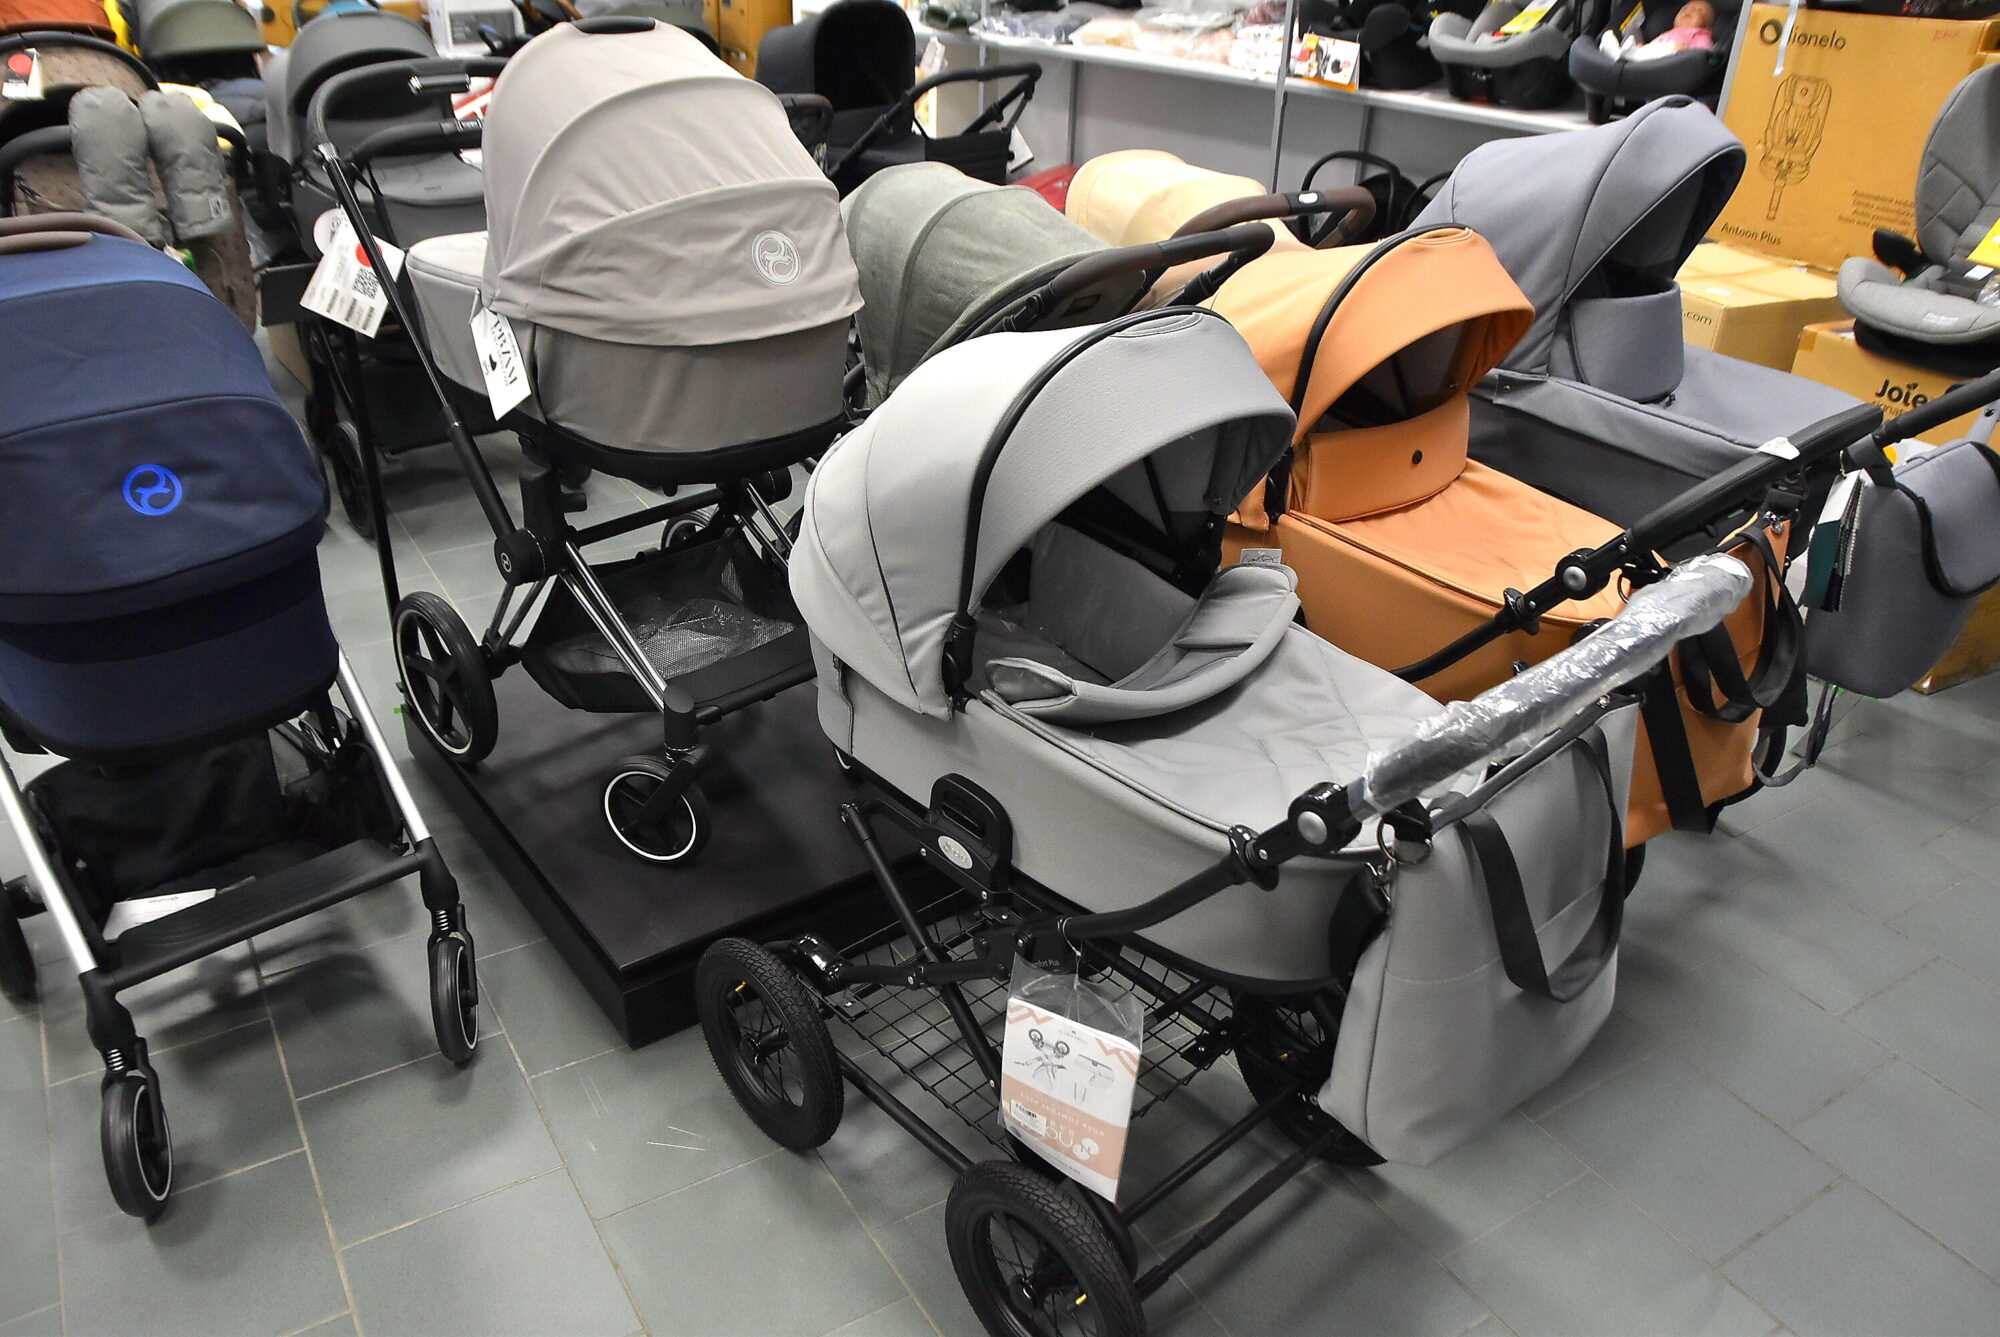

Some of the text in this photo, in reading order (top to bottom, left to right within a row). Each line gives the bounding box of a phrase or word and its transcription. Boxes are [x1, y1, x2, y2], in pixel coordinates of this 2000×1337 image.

[1787, 25, 1846, 50] lionelo
[1721, 222, 1782, 246] Antoon Plus
[1875, 379, 1928, 409] Joie
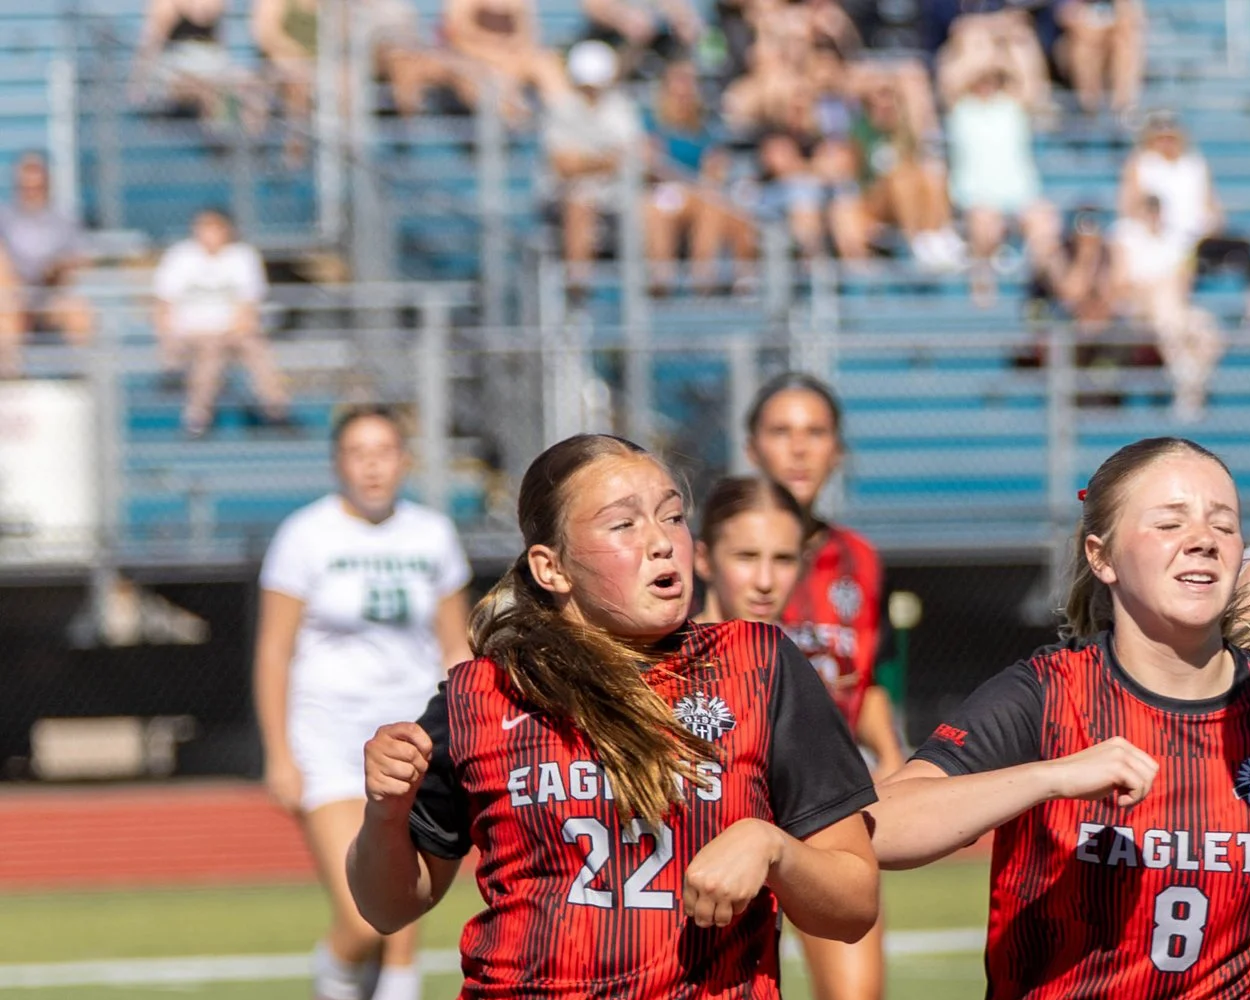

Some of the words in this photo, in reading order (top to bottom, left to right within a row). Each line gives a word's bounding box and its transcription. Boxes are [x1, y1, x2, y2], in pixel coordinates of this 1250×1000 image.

[506, 760, 723, 808] EAGS
[561, 816, 675, 909] 22
[1149, 884, 1209, 974] 8
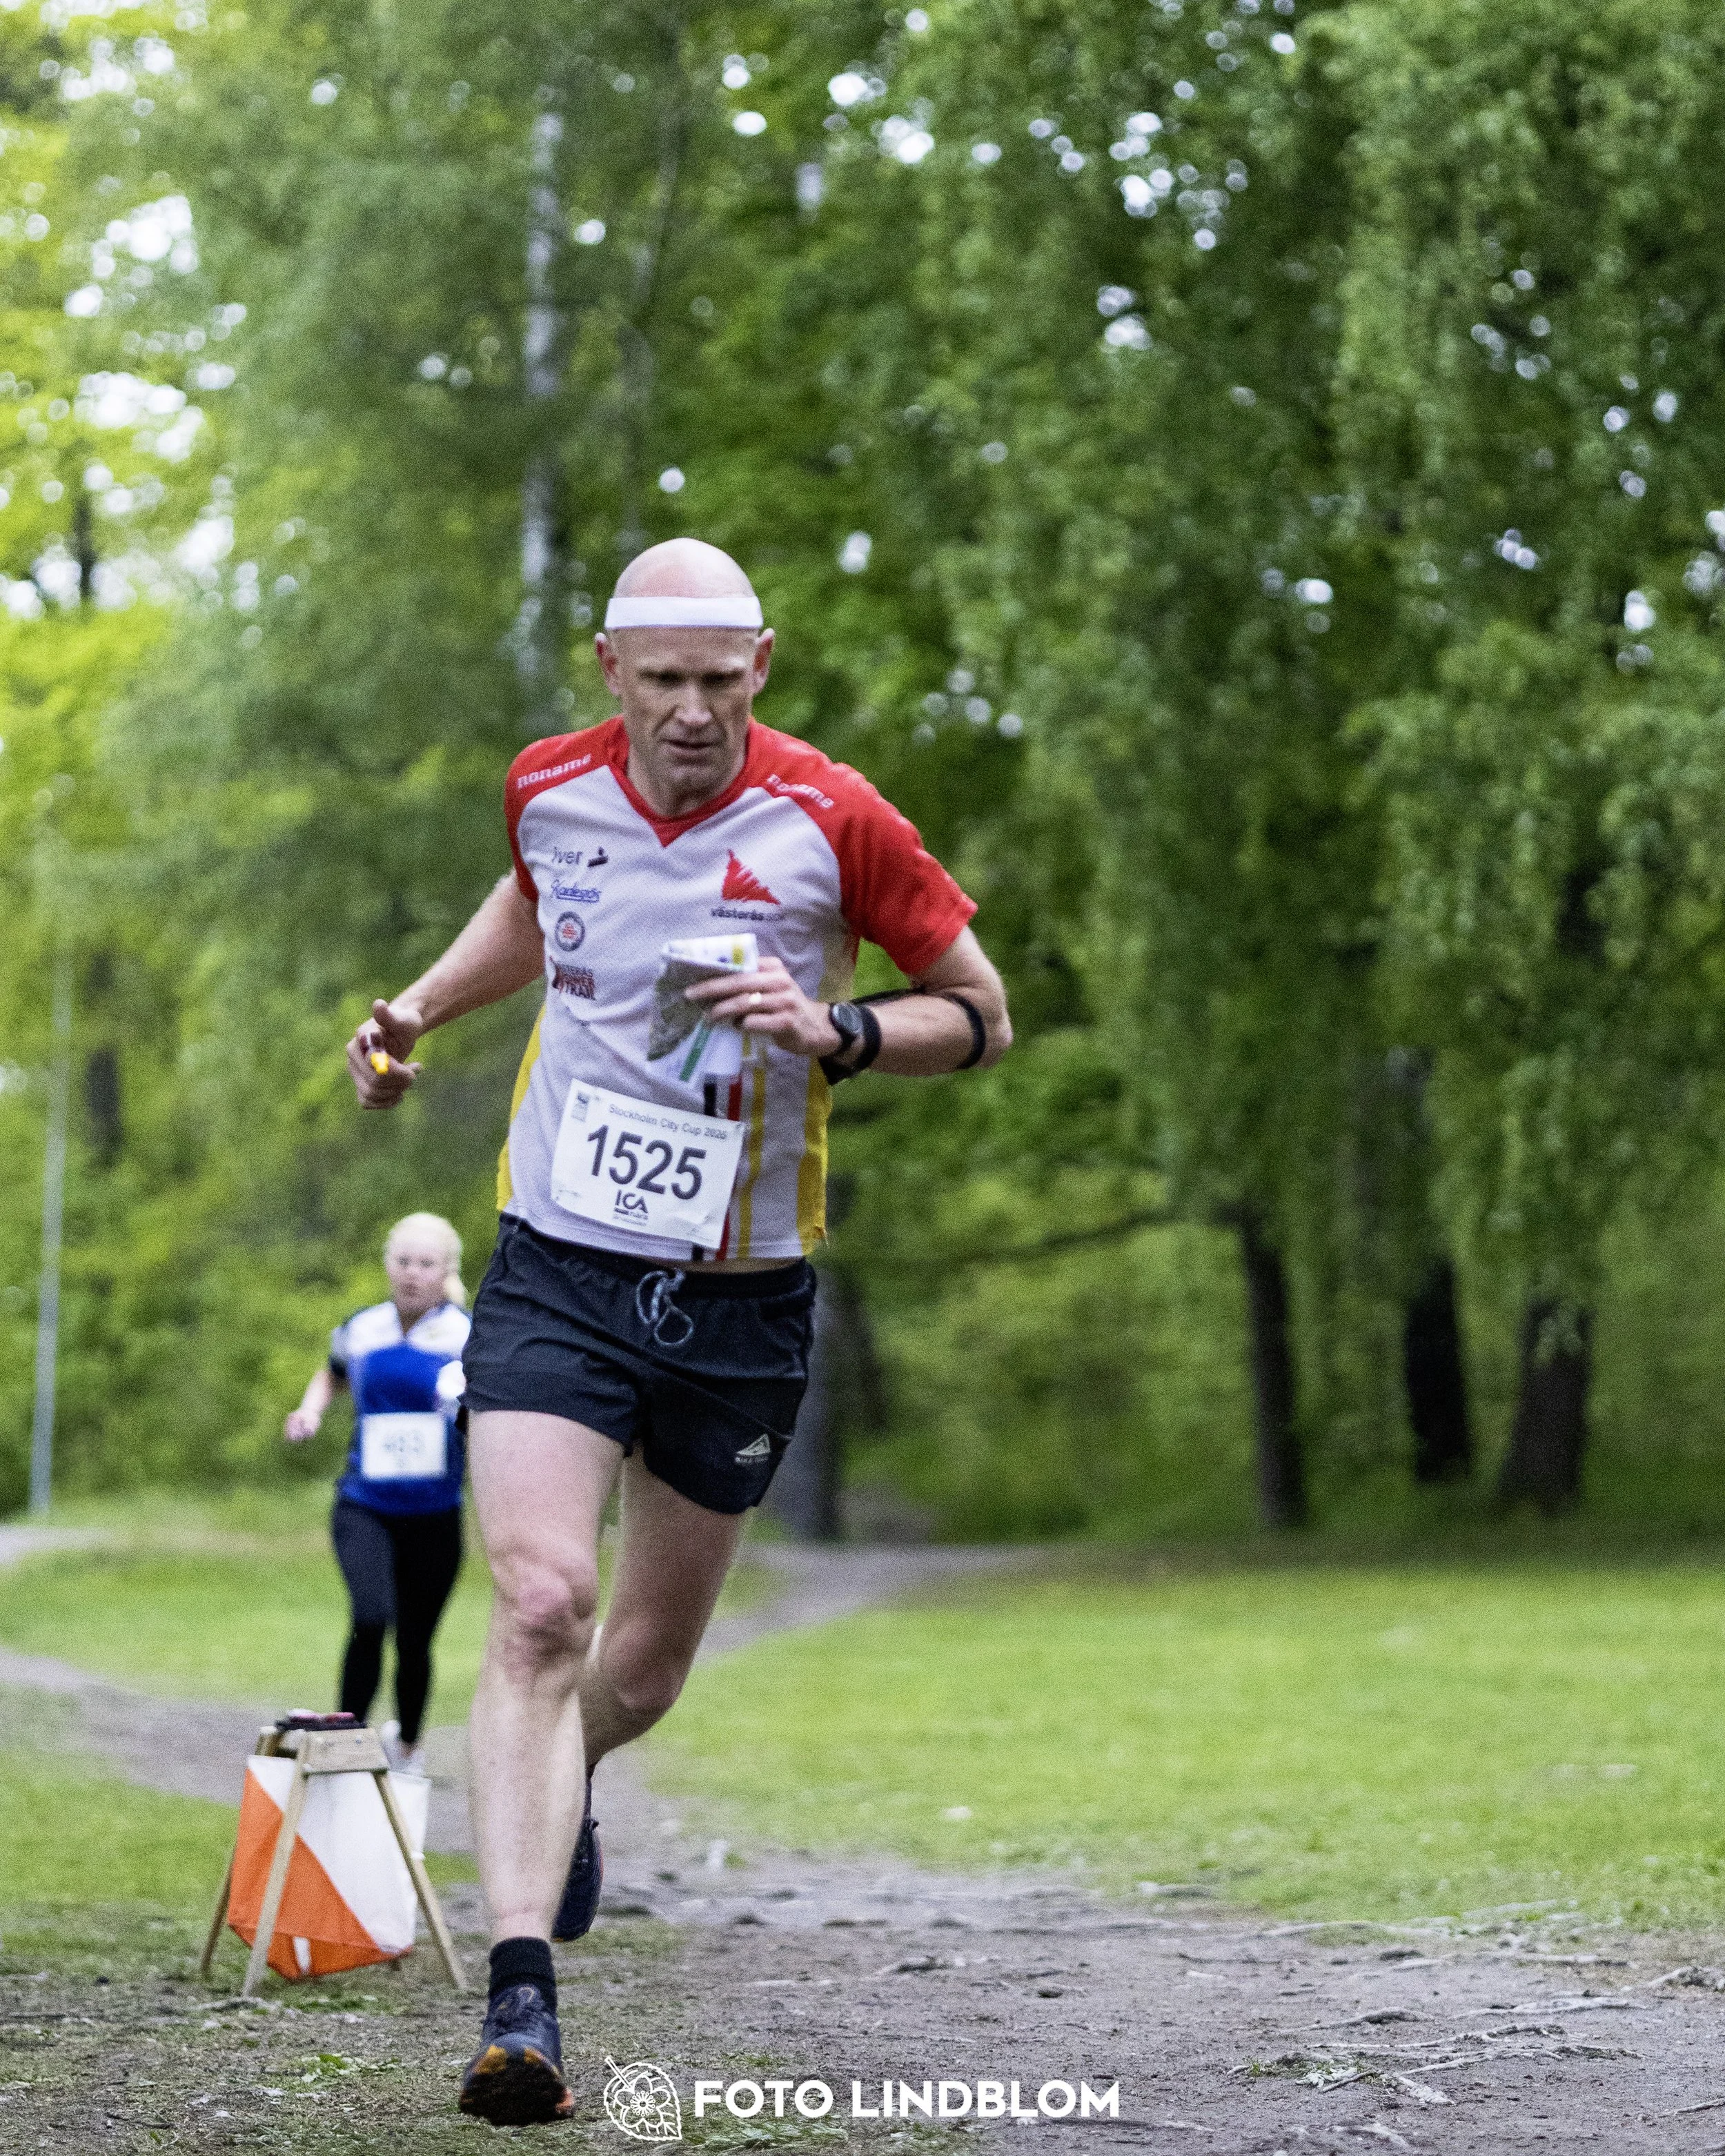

□ □ □ □ □ □ □

Retype the records above exactly, starting at the line that contains "Some of the words" and going through the last line, and leave out any pictures.

→ **Result**:
Some of the words in this photo, in reading order (top to bottom, left to right within a row). Each line gives a word's bounding box and its transcription. Boxes are [x1, y1, x2, y2], in pixel coordinates of this 1250×1000 image.

[506, 760, 723, 808] EAGS
[561, 816, 675, 909] 22
[1149, 884, 1209, 974] 8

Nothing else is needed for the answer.